Task item: Reproduce every entry below precisely; do not include the pictures.

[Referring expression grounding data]
══════
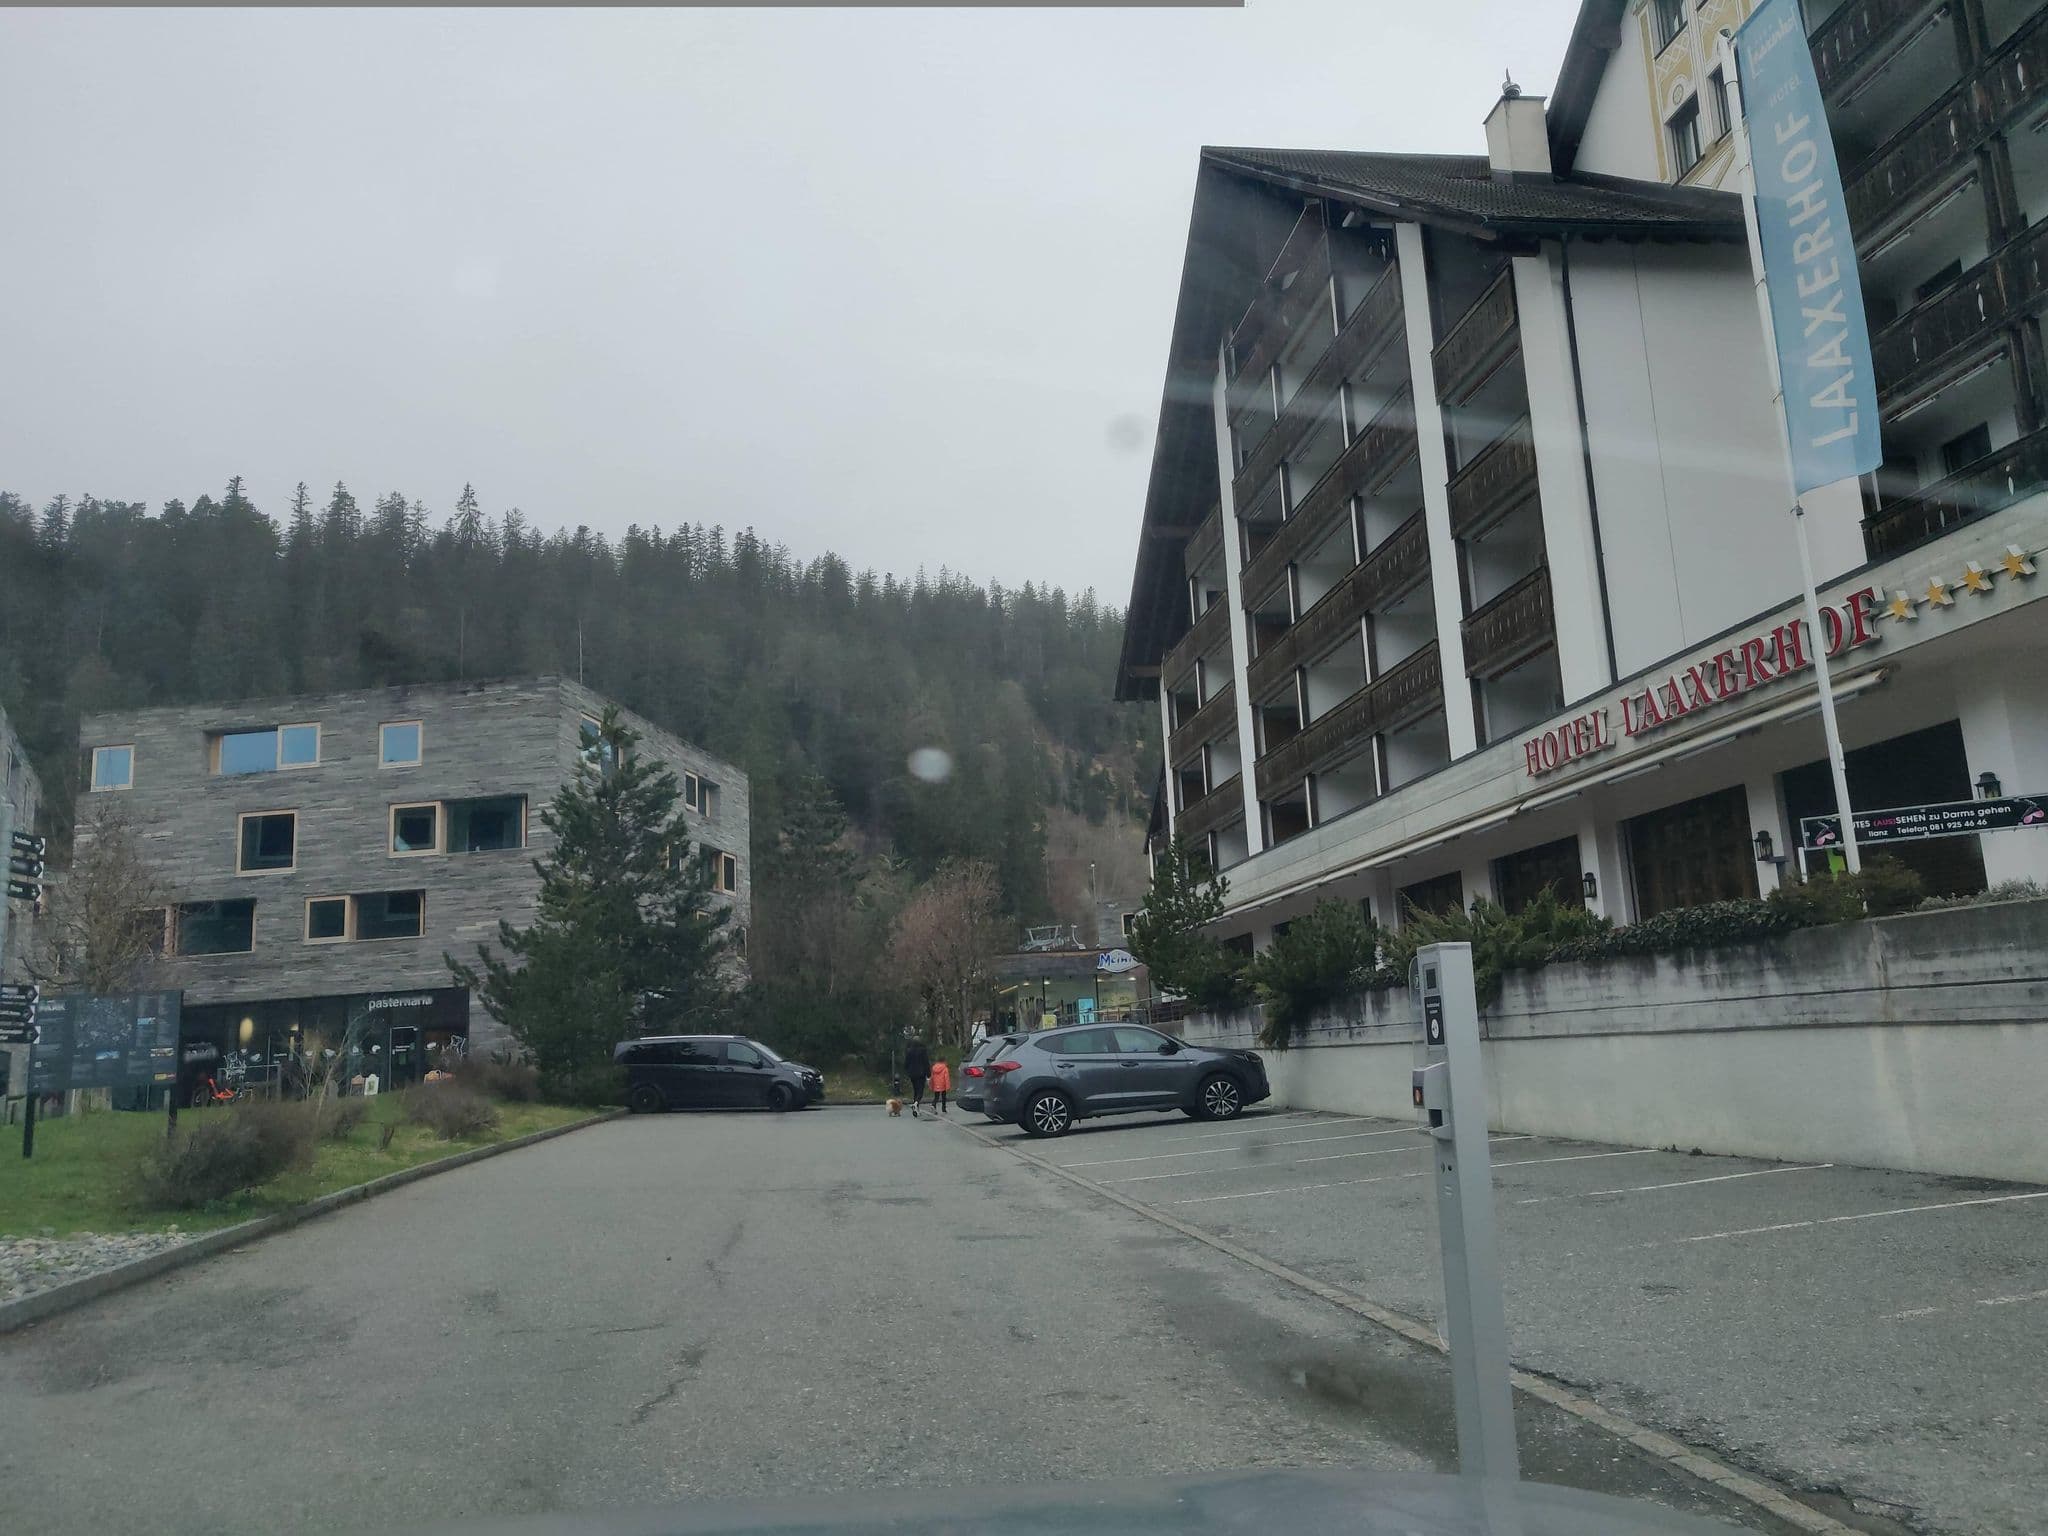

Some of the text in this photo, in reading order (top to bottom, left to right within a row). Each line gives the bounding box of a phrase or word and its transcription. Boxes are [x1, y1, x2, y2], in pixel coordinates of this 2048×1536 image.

[1768, 72, 1802, 107] HOTEL
[1774, 112, 1859, 448] LAAXERHOF
[1524, 586, 1880, 777] HOTEL LAAXERHOF
[1897, 825, 1928, 834] Telefon
[1943, 810, 1975, 820] Darms
[1978, 806, 2011, 817] gehen
══════
Final answer:
Some of the text in this photo, in reading order (top to bottom, left to right within a row). Each line gives the bounding box of a phrase or word and its transcription. Boxes are [x1, y1, x2, y2], in pixel coordinates of this 2048×1536 image.

[1768, 72, 1802, 107] HOTEL
[1774, 112, 1859, 448] LAAXERHOF
[1524, 586, 1880, 777] HOTEL LAAXERHOF
[1897, 825, 1928, 834] Telefon
[1943, 810, 1975, 820] Darms
[1978, 806, 2011, 817] gehen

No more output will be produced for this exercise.